Malcolm Turnbull’s response to Summit’s enthusiasm for a republic shows that “conservatives” really would rather that the plebs were not involved in running the country. Let’s recall that it was Malcolm who single handedly sunk the Constitutional Convention. As head of the Australian Republican Movement (ARM) he went to the convention with an elitist model – the President to be appointed by the Parliament. Other’s took other models, most of which involved the popular election of the President. It was a rare moment for courageous engagement with the future when it became clear that there was am impasse and the logical thing to do was to sit down and do some actual negotiation. But no, the ARM simply refused to accept any compromise or alternative model. It was to be Malcolm’s way or Howard’s (which, of course, was no republic.) Malcolm Turnbull had the gall to accuse John Howard of breaking the country’s heart when he put up a referendum question that everyone knew would fail. The point to revisit here is that it was Turnbull who refused to budge from the elitist model that was not acceptable to the majority of other republican delegates. Never mind what the people think. I know what will work best. It was hardly surprising, therefore that when the Summiteers championed the republic, he sneered at its prospects, saying that the issue should not come up again until QEII is no longer the monarch.

Of more far reaching consequence is the deliberate misrepresentation of the role of GetUp in the Summit by [National Party politician] who complained that no one from his electorate was going to Canberra, in contrast to over 100 GetUp members which he falsely described as an ALP instrumentality. This is a disgraceful misrepresentation of GetUp and the way the Summiteers were selected. (See separate post on GetUp) People were not picked because they were in GetUp. They were picked because they could make a worthwhile contribution. A significant minority of them happen to be members of GetUp. Oh, and by the way, a significant minority of the Summiteers were Catholics; another significant minority were people who went to public schools in NSW. How ludicrous would it be to single out either of the latter two minorities for scrutiny?

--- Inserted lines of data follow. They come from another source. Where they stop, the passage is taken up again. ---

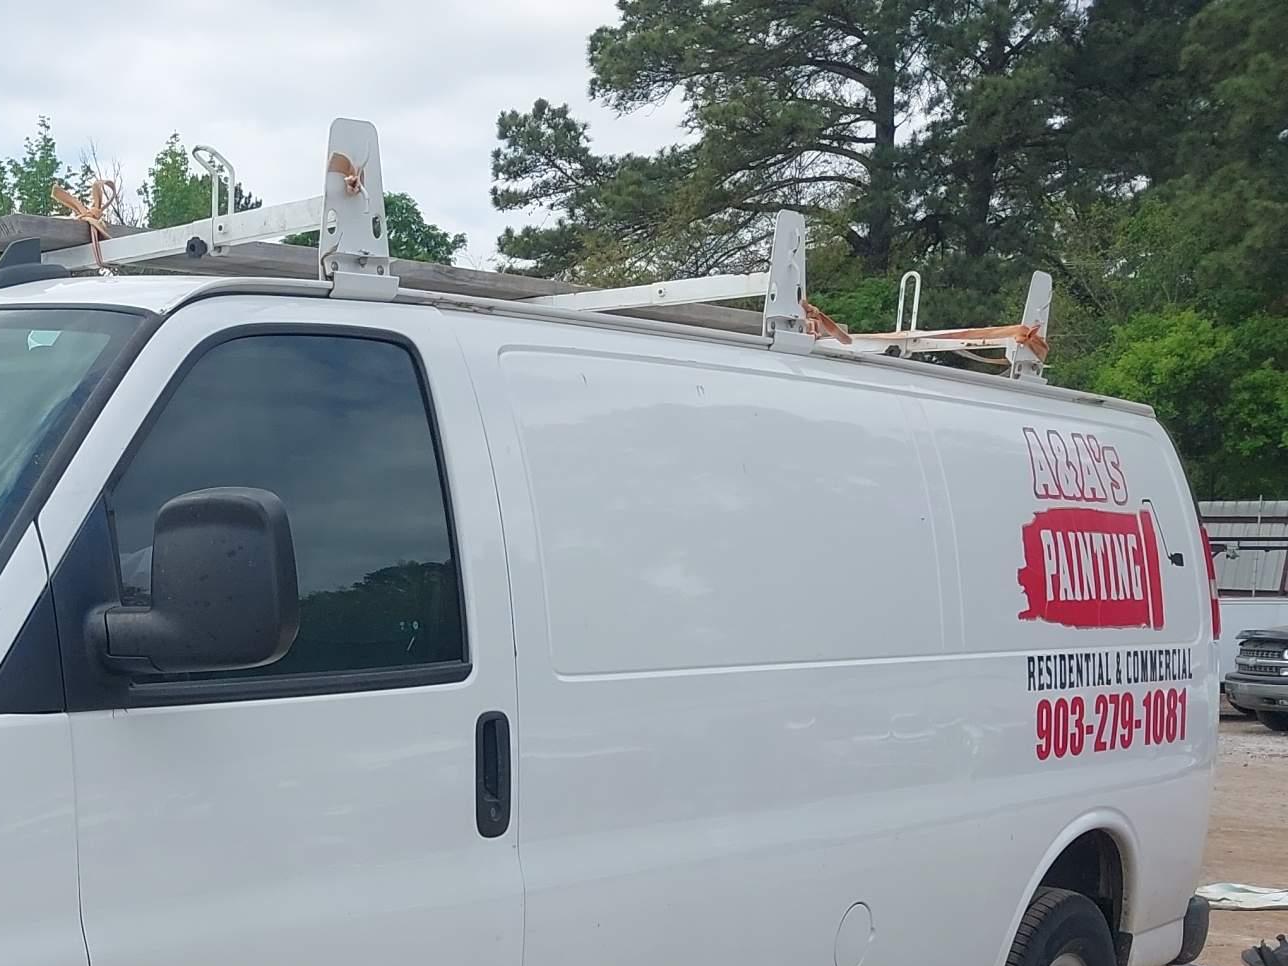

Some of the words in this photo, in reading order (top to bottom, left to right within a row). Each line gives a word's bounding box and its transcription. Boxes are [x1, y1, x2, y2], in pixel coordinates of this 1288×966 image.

[1040, 529, 1144, 602] PAINTING
[1027, 652, 1112, 691] RESIDENTIAL
[1116, 651, 1123, 685] &
[1126, 648, 1193, 684] COMMERCIAL
[1035, 687, 1188, 761] 903-279-1081
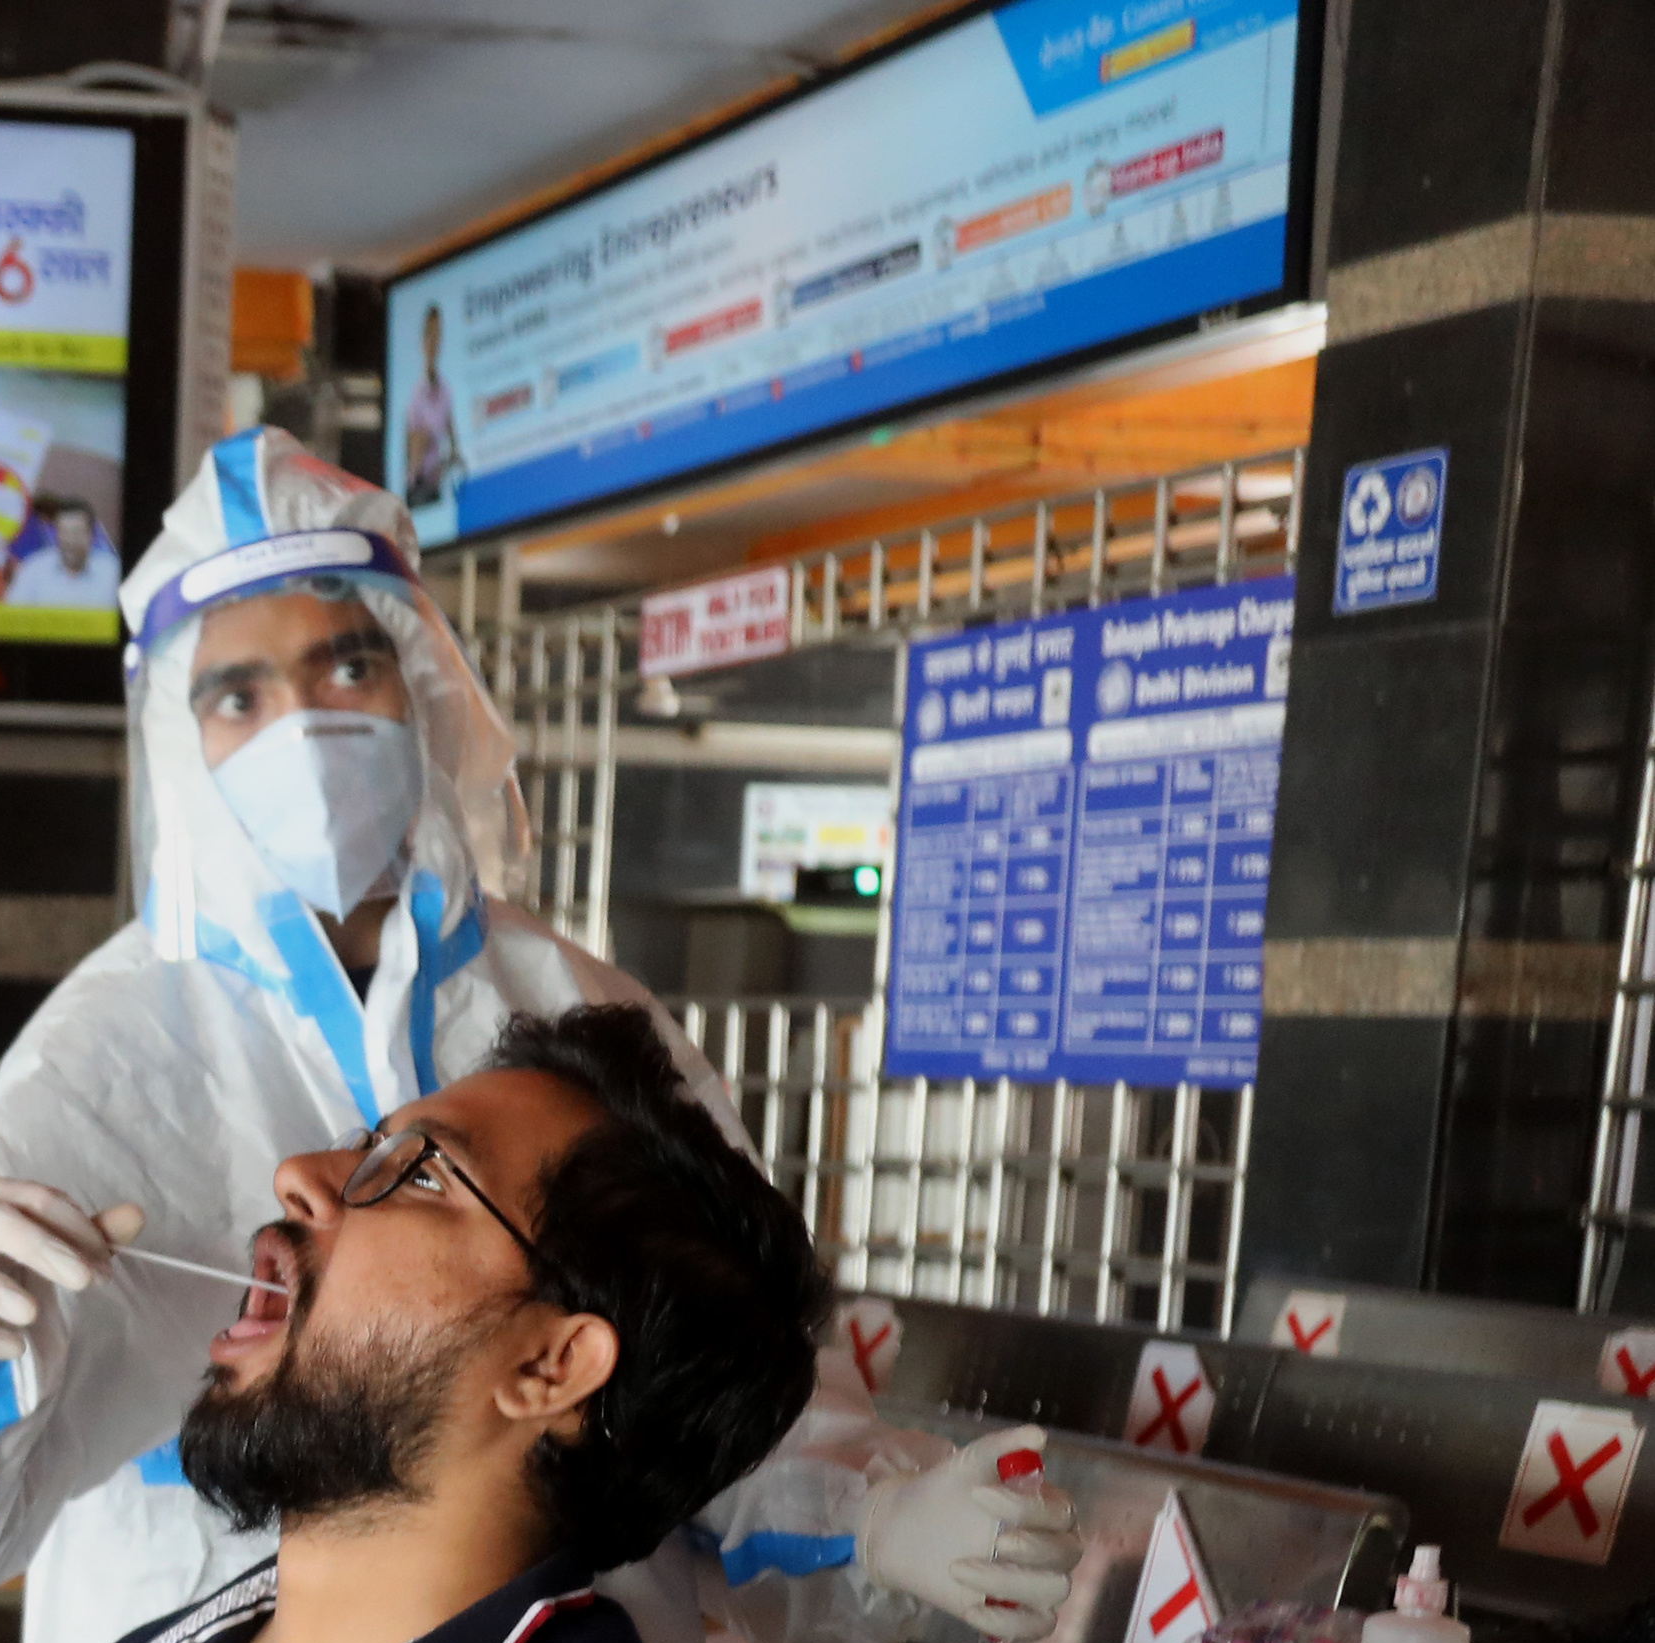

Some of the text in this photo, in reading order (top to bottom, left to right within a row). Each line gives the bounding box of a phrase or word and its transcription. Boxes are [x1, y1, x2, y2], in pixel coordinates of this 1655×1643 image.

[463, 245, 593, 326] Empowering
[600, 159, 778, 267] Entrepreneurs
[1101, 597, 1295, 660] Sahayak Porterage Charge
[1135, 663, 1255, 706] Delhi Division
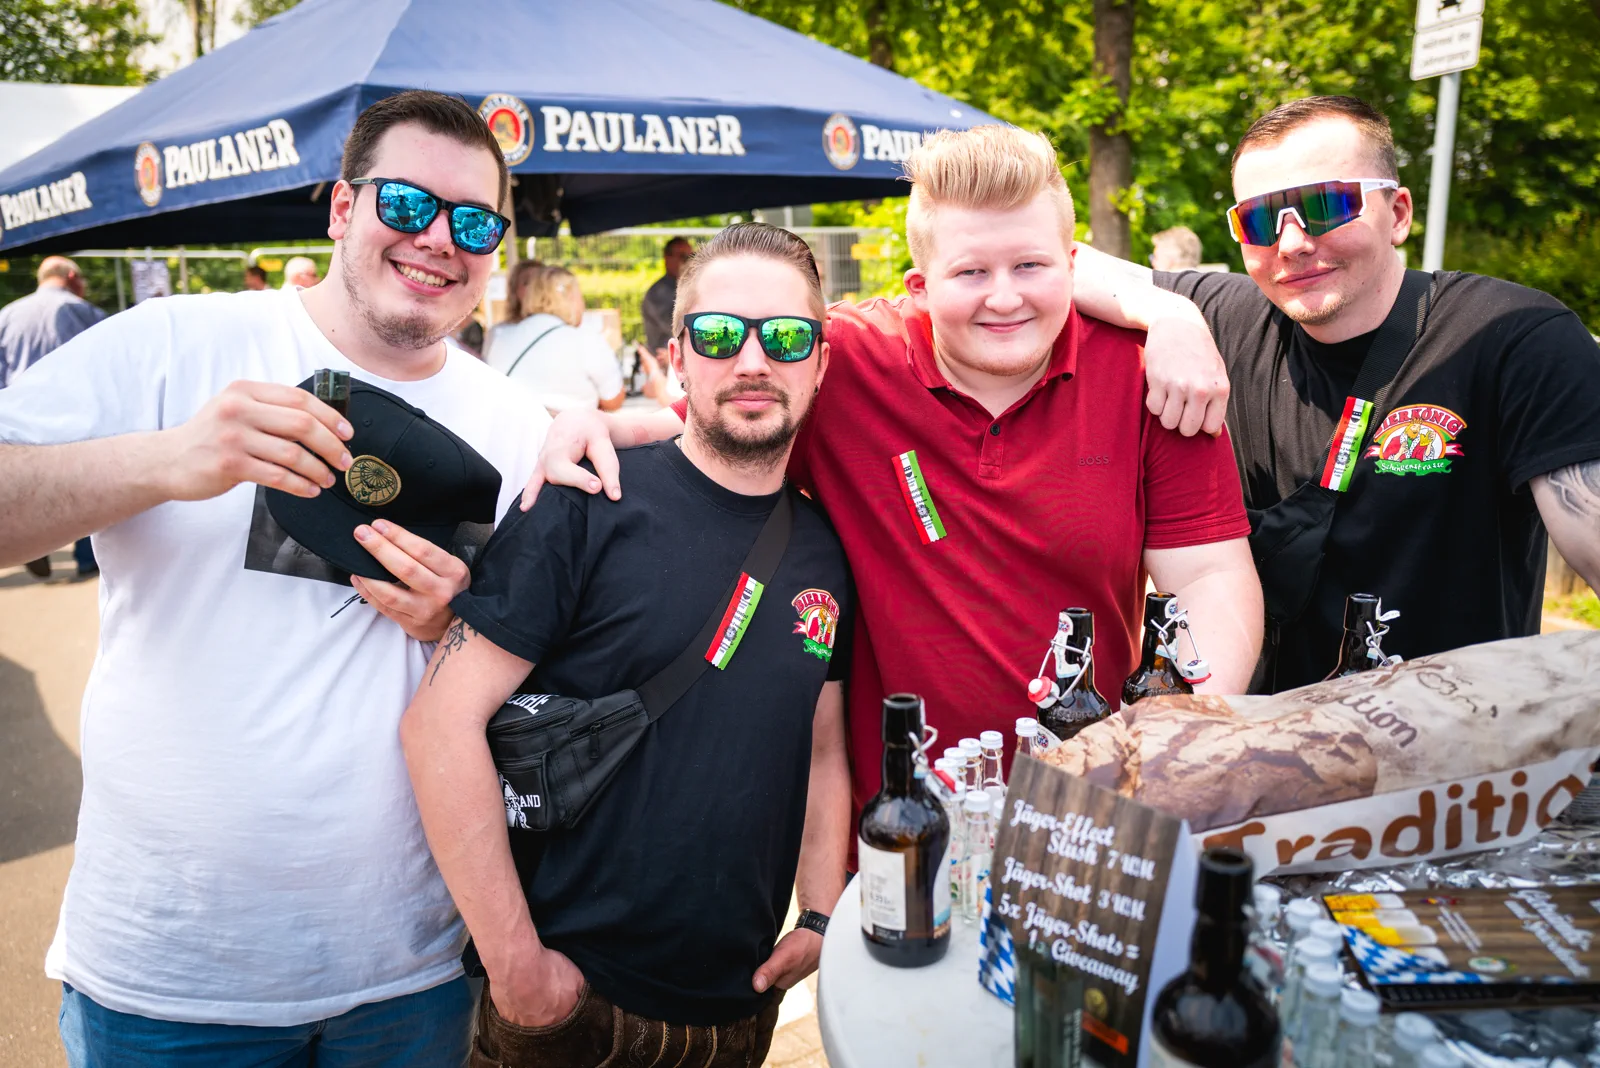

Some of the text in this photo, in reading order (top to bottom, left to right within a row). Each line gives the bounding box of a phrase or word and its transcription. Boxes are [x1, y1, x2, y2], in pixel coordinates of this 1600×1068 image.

[163, 118, 300, 189] PAULANER
[540, 105, 746, 157] PAULANER
[0, 171, 93, 230] PAULANER
[1078, 455, 1110, 467] BOSS
[1010, 799, 1115, 847] Jäger-Effect
[1203, 768, 1594, 866] Traditio
[1047, 831, 1098, 866] Slush
[1107, 849, 1120, 870] 7
[1001, 856, 1092, 904] Jäger-Shot
[1097, 889, 1111, 909] 3
[998, 893, 1021, 919] 5x
[1023, 901, 1123, 956] Jäger-Shots
[1051, 938, 1139, 995] Giveaway
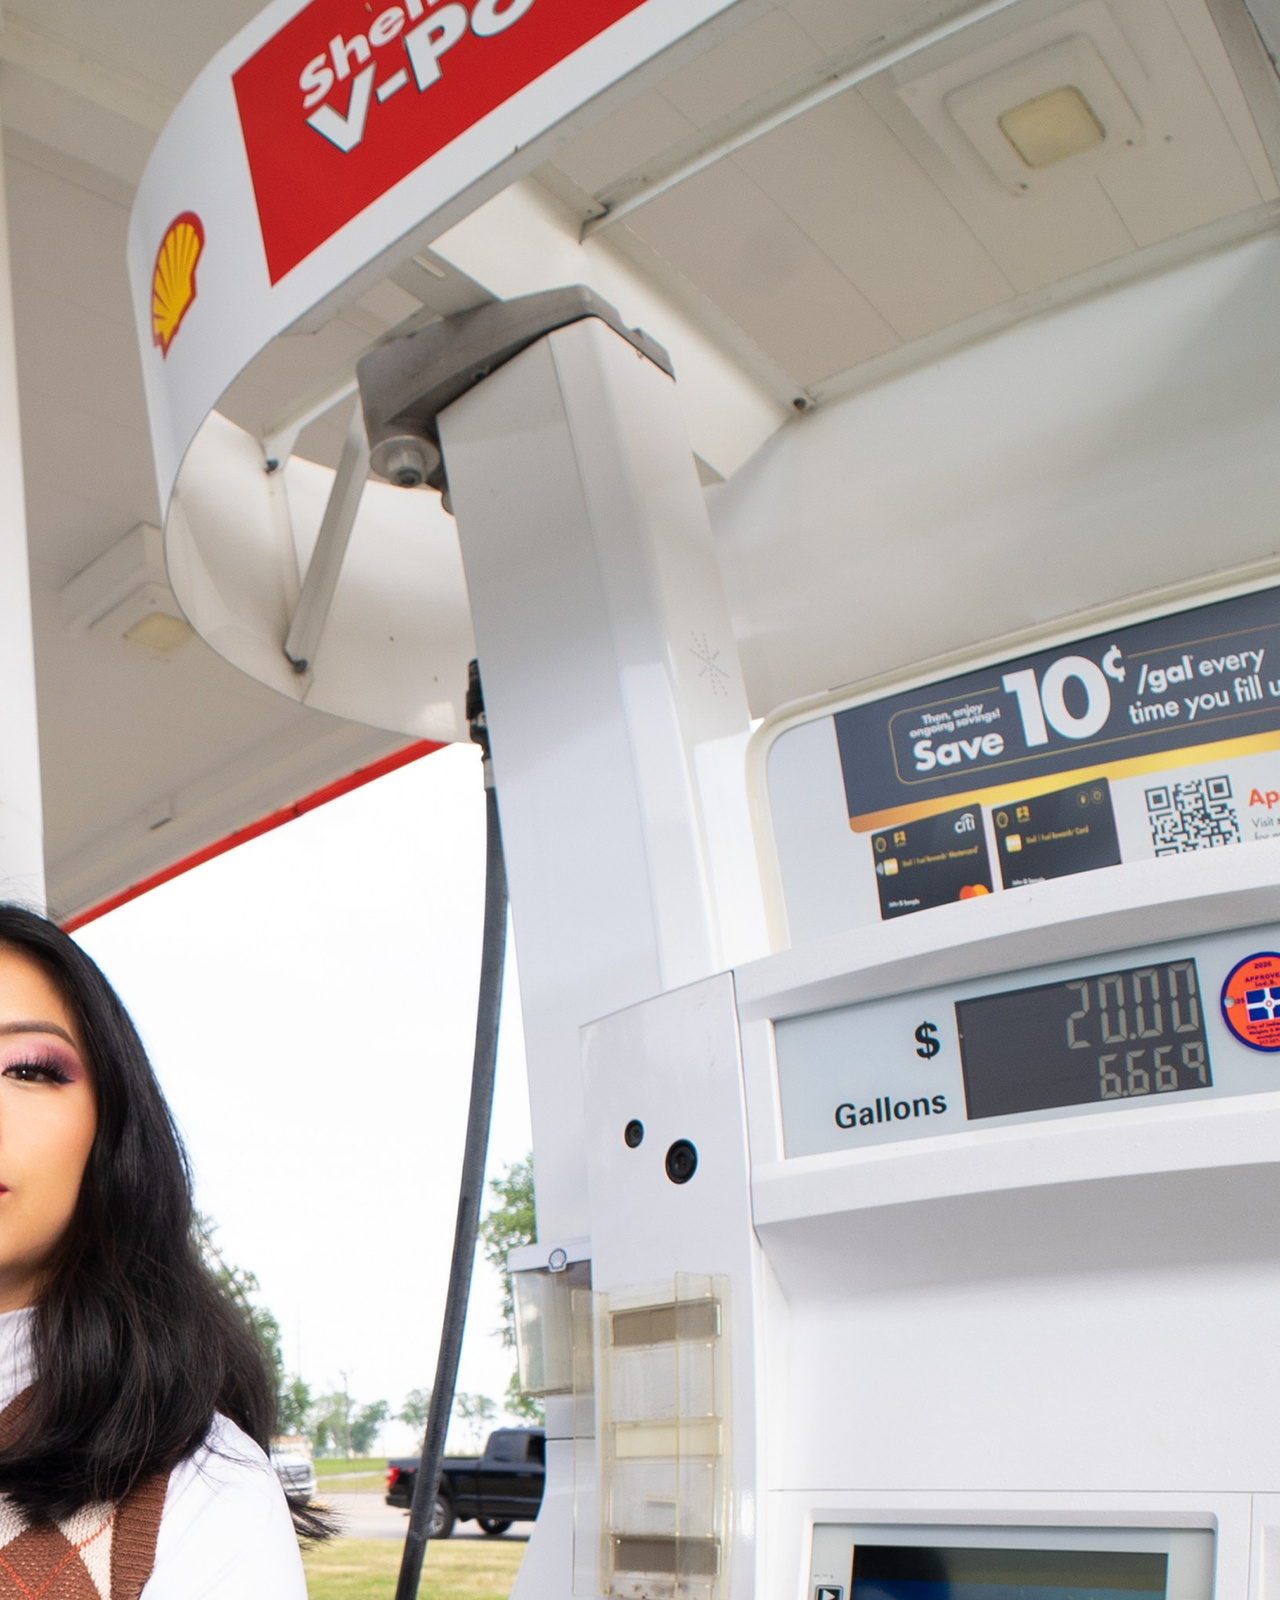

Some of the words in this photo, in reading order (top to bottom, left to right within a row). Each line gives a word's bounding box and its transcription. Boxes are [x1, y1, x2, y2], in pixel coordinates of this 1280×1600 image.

[1198, 648, 1265, 677] every
[922, 711, 951, 725] Then,
[952, 704, 983, 718] enjoy
[1128, 700, 1180, 725] time
[1184, 690, 1230, 720] you
[1234, 673, 1263, 703] fill
[909, 721, 955, 739] ongoing
[956, 708, 1001, 728] savings!
[913, 733, 1005, 771] Save
[954, 812, 976, 835] citi
[1066, 962, 1199, 1049] 20.00
[914, 1020, 941, 1060] $
[1099, 1041, 1207, 1099] 6.669
[835, 1094, 948, 1129] Gallons

“Conservative” politicians and commentators who misrepresent the government’s intentions and the way the Summit would operate, and who attempt to undermine its outcomes, and attack the success of community based activism, do so KNOWINGLY. Every politician in Australia, and every commentator who has bothered to look into GetUp, for example, knows that it is not politically aligned, and that it does respond to people’s concerns as distinct from parties’ concerns. You would therefore have to ask why certain politicians misrepresent GetUp the way they do. And if they really do think GetUp is partial, why not sponsor another organisation that promotes a “conservative” agenda? Here’s my suggestion: if they lie about GetUp people who might otherwise be curious about the way it works might be persuaded not to investigate – not to get involved. It’s people getting critically involved that they don’t want, even if it were with an alternative to GetUp that promoted a partisan agenda of their liking, because involved people are difficult to manage. Look how they treated Pauline Hanson and One Nation after the latter ceased to be useful to them.

The very people who accused “the left” of elitism, shut down participation of diverse opinion even within their own party. Is it any wonder they are terrified of the Summit and what it will trigger in this country? Is it any wonder they speak such embarrassing drivel? For to speak truthfully would be politically self incriminating.